The Slatest

U.K. Prime Minister Says Muslim Women Immigrants Could Be Deported if They Don’t Learn English

Prime Minister David Cameron (C), speaks with women attending an English language class on January 18, 2016 in Leeds, England.  

Photo by Oli Scarff - WPA Pool /Getty Images

British Prime Minister David Cameron on Monday announced a plan to boost the English language fluency of Muslim women immigrants residing in the U.K. The thinking behind the $28.5 million plan is to offer language classes to help combat social isolation and increase integration for the 190,000 Muslim women living in England that, Cameron says, are able to speak little or no English.

Cameron went on to say, in an op-ed for the Times, that with the rights of British residency comes a responsibility to speak English—or potentially face deportation:

We must also make more progress on English language… This has to be tackled head on. We’ve already introduced a language test for new migrants, but I believe it’s time to be much more demanding. Yes, we have responsibilities to migrants, but they have responsibilities too. At the moment, someone can move here with very basic English and there’s no requirement to improve it over time. We will change that. We will now say: if you don’t improve your fluency, that could affect your ability to stay in the UK. This will help make it clear to those men who stop their partners from integrating that there are consequences.
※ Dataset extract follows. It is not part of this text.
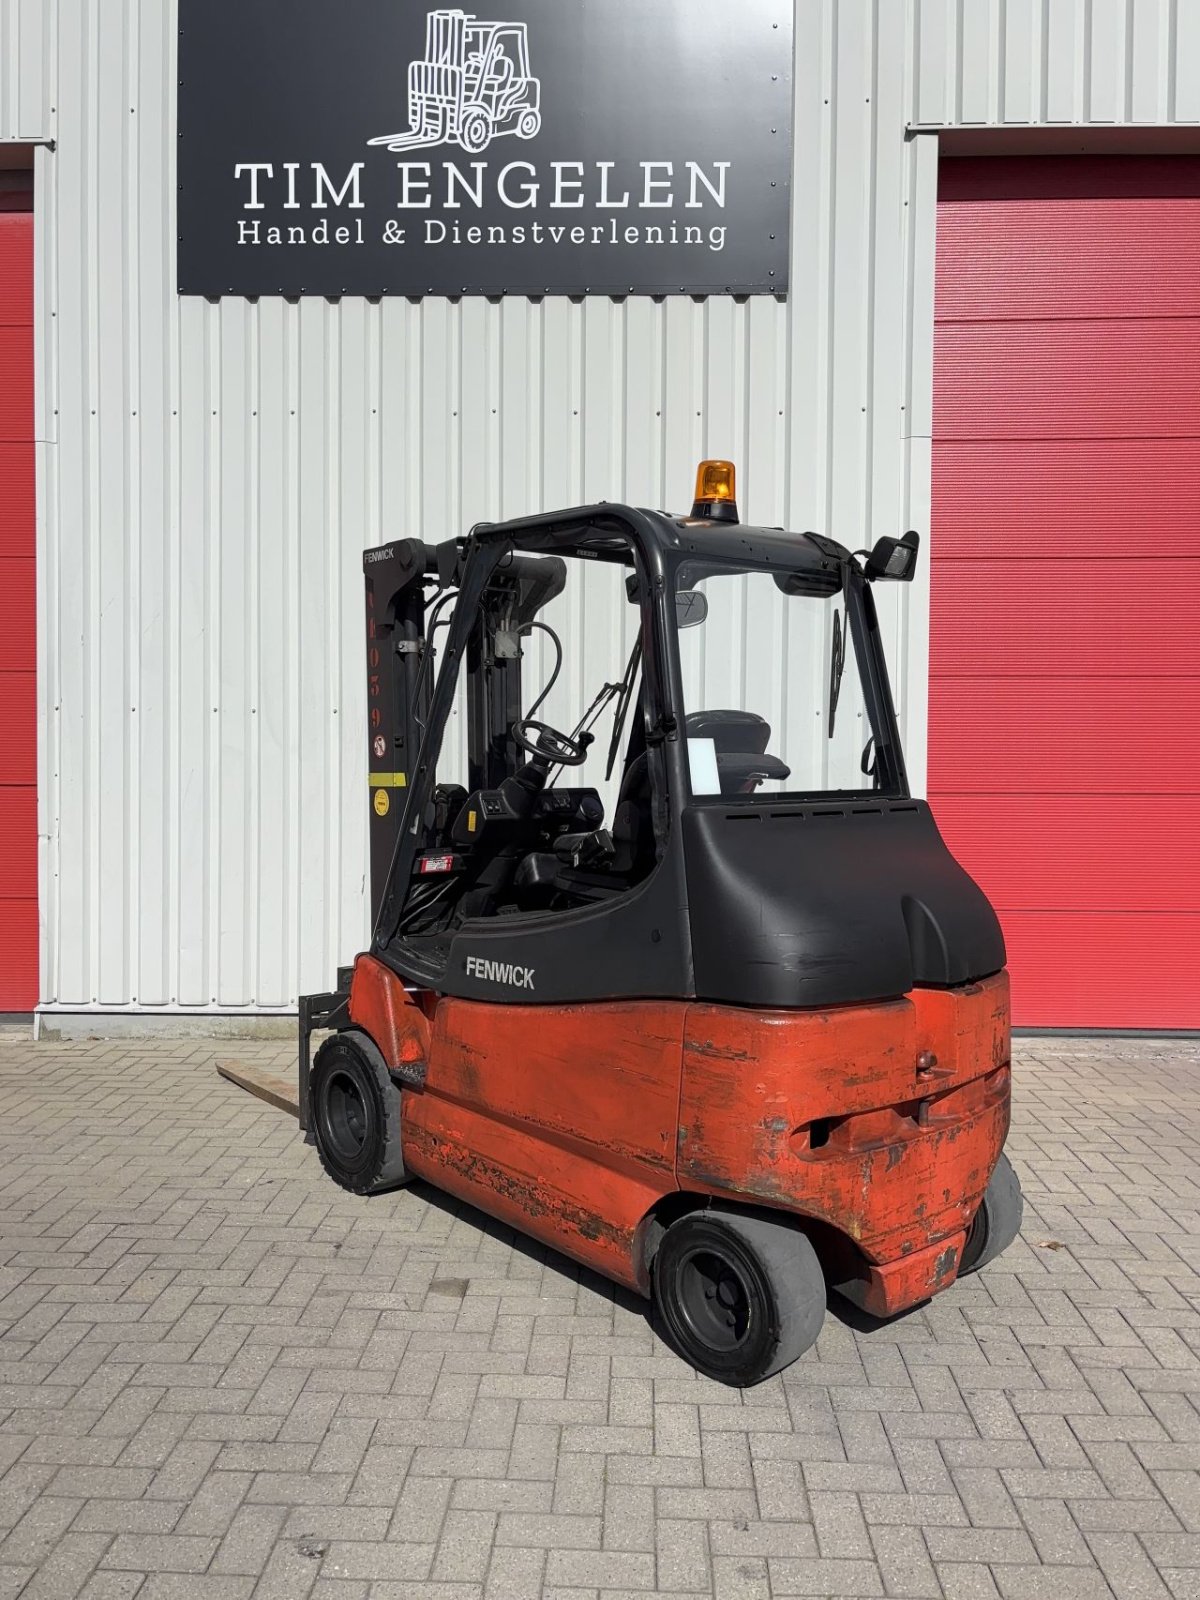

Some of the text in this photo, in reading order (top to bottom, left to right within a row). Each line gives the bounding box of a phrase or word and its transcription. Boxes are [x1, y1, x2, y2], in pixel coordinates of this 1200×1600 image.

[235, 162, 731, 208] TIM ENGELEN
[238, 219, 726, 250] Handel & Dienstverlening
[364, 548, 394, 564] FENWICK
[466, 956, 535, 990] FENWICK
“Britain already requires prospective spouses to demonstrate English language skills to roughly that of a child starting primary school,” the Associated Press notes. “Under Cameron’s plan, spouses would have to improve that ability to a higher standard after five years—or face deportation.” The plan received immediate criticism for linking the inability to speak English to extremism; Cameron said there was no causal connection between the two in subsequent interviews.
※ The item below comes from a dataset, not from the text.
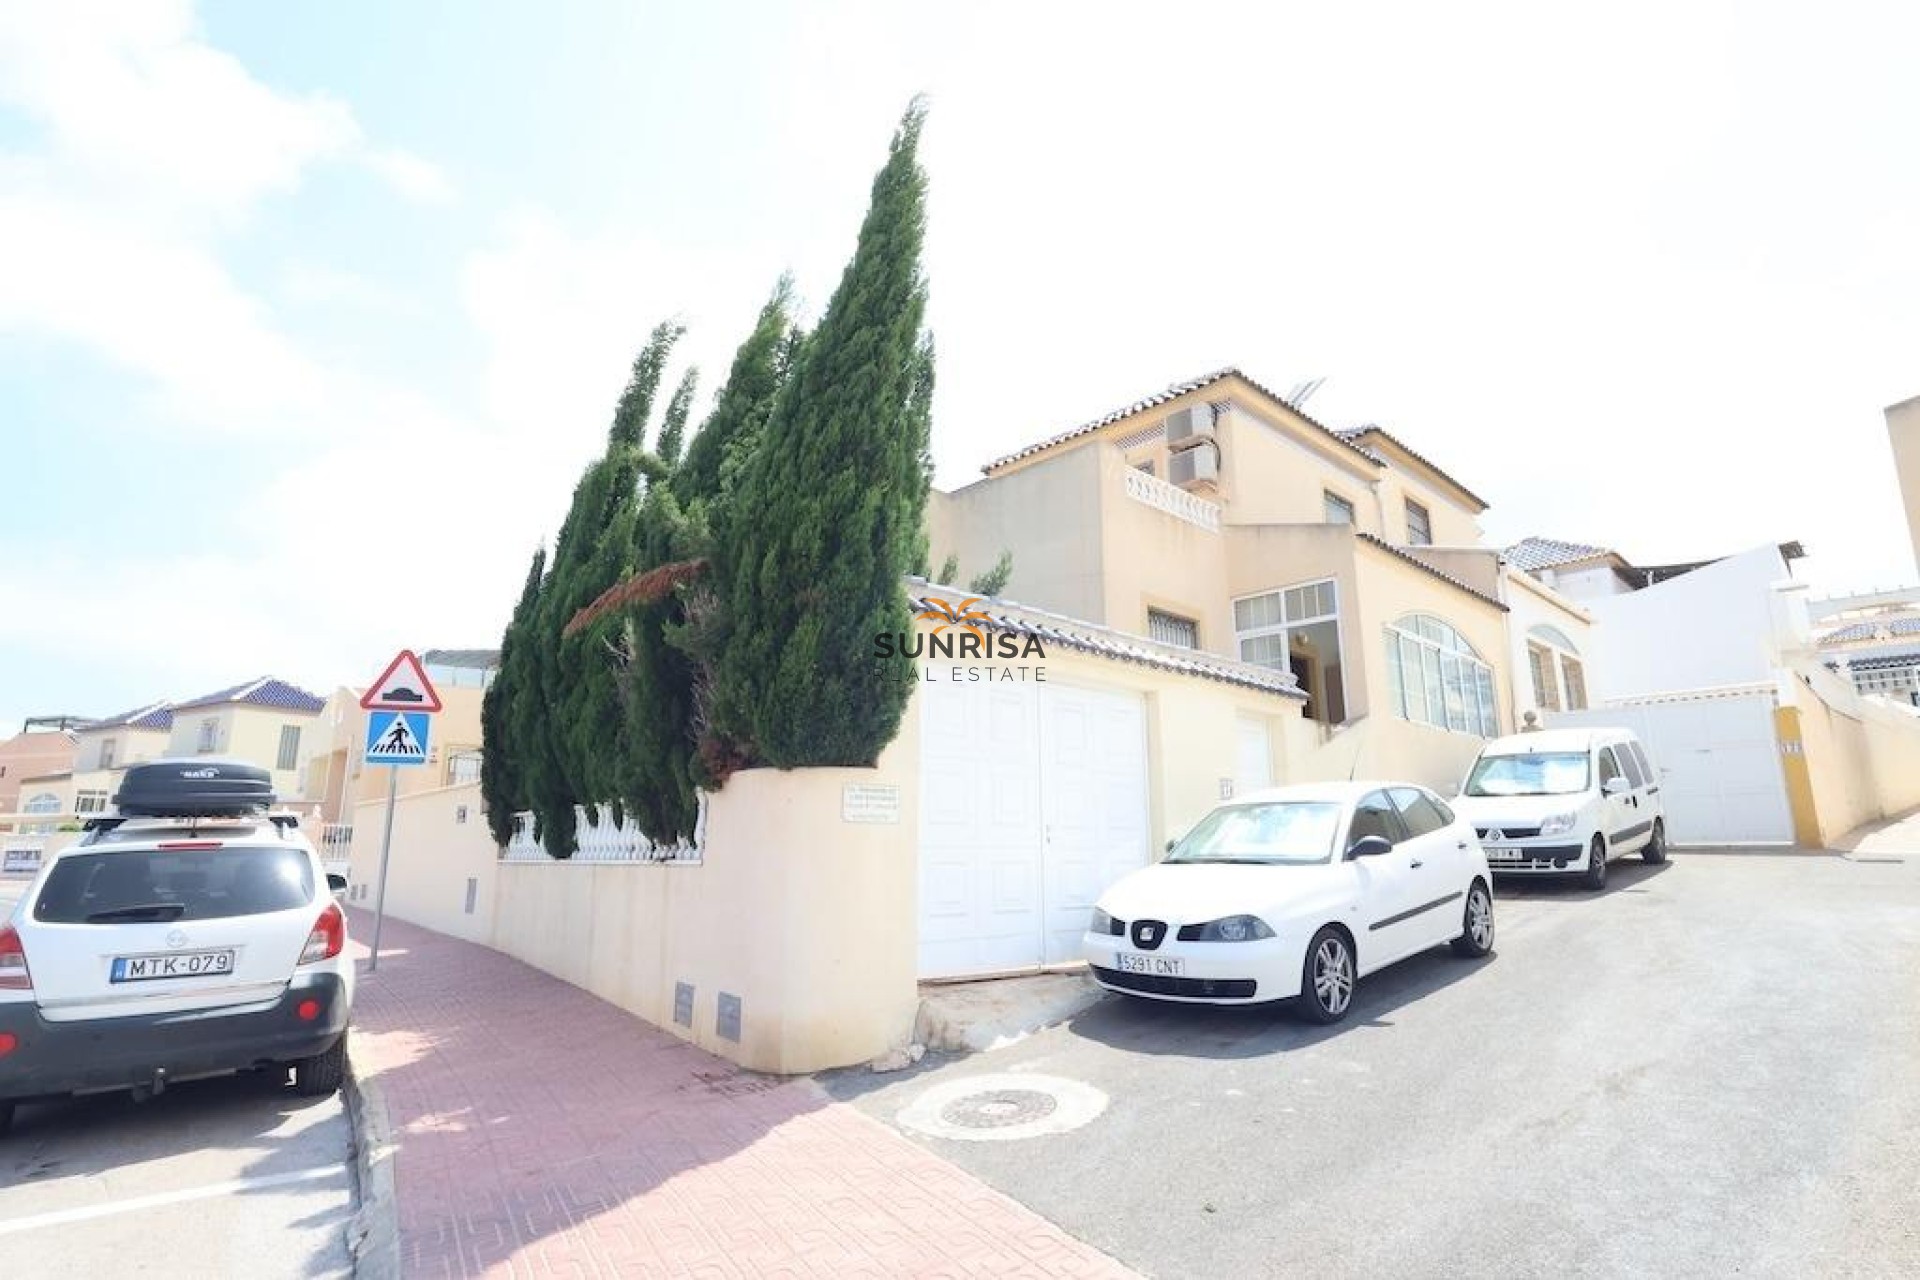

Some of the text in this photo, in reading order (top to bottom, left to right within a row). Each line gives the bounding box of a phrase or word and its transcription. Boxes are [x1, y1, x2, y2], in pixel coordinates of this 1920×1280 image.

[130, 955, 228, 976] MTK-079
[1124, 955, 1179, 975] 5291 CNT
“This lazy and misguided linking, and what I saw once again as stereotyping of British Muslim communities, I felt took away from what was a positive announcement,” former minster in Cameron’s cabinet, Sayeeda Warsi, told the BBC. “I think to threaten women and say to them that ‘unless you are of X standard we will send you back, even if you have children in the U.K. who are British and your spouse is British’ is, for me, a very unusual way of empowering and emboldening women.”